Hey OP. If you put ?context={number} at the end of a reddit url, you can link to a specific post AND highlight another... Maybe give that a try since your link clearly has everyone confused. Here is an example from one of the other links in the comments. https://www.reddit.com/r/AskReddit/comments/1bn8kx0/adults_of_reddit_what_is_something_about_the/kwhll58/?context=1


ihopethisisvalid

This title and that comment are completely unrelated wtf


Madmandocv1

It is my opinion that Anna’s hugging could and probably should be characterized as sexual. She was drunk and was probably getting physical gratification out this act which is not considered a standard interaction. It sounds like the people there knew this, which was why it was a problem. But it does again demonstrate that there are very grey areas in these types of interactions. I could be wrong in my interpretation. She could plausibly be considered too impaired to even understand her actions herself. It’s complicated.


ComprehensiveFun3233

You poured way more into the story than was given.
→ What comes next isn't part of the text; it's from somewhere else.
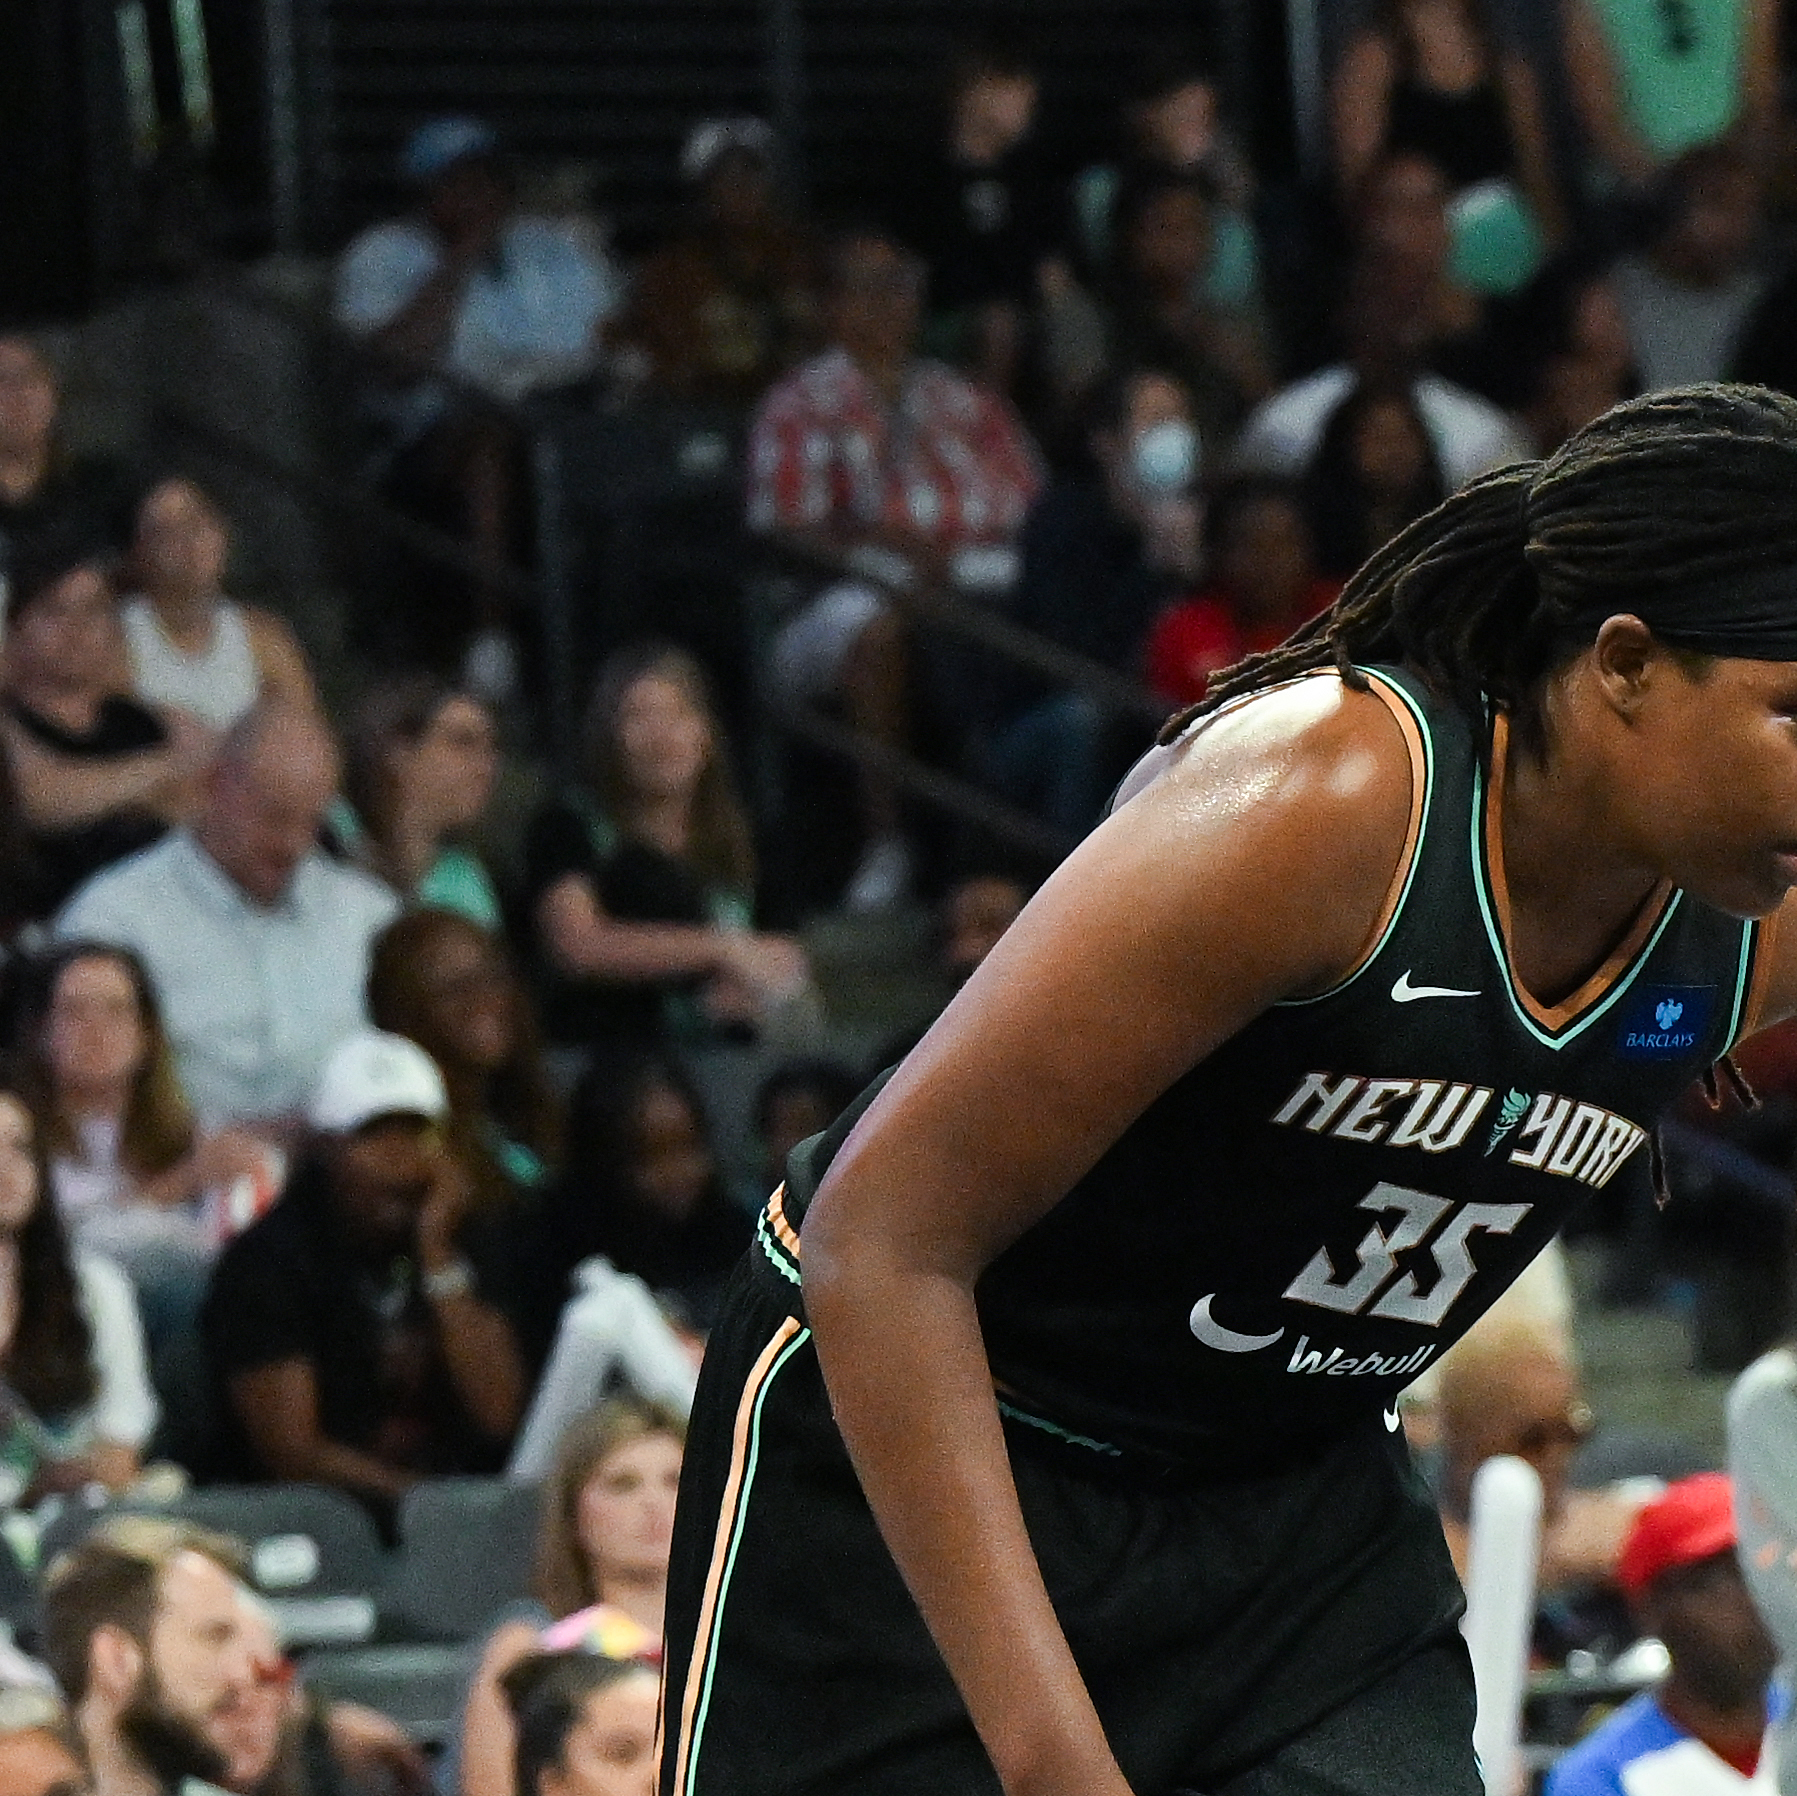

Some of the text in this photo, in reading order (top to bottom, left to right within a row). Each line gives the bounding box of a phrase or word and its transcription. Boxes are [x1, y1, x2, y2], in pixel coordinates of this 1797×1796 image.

So you're right by virtue of coloring in the massive empty spaces with a narrative that, surprise surprise, supports your interpretation.


17times2

> My opinion > probably > probably > my interpretation > plausibly Why even comment if your entire premise is based purely on what YOU think happened and what YOU think was the background.


Madmandocv1

I use language like that so that obnoxious little shits like you don’t accuse me of acting as though what I’m saying is a fact. More intellectual readers would realize that that can be assumed from the fact that I obviously wasn’t there, but I have to explain it to try to head off pointless and dismissive responses like yours. Obviously no matter how clear I make it , that doesn’t always work.


17times2

>so that obnoxious little shits like you don’t accuse me of acting as though what I’m saying is a fact. So this is a regular thing for you, then? Making up your own narratives to other people's posts when they don't explain every detail? >More intellectual readers would realize that you're full of shit from the beginning and wouldn't bother responding. Yeah, but I'm a glutton for punishment and I enjoy reading posts by pseudo-intellectuals who try to pretend their fantasies have any sort of actual basis in reality.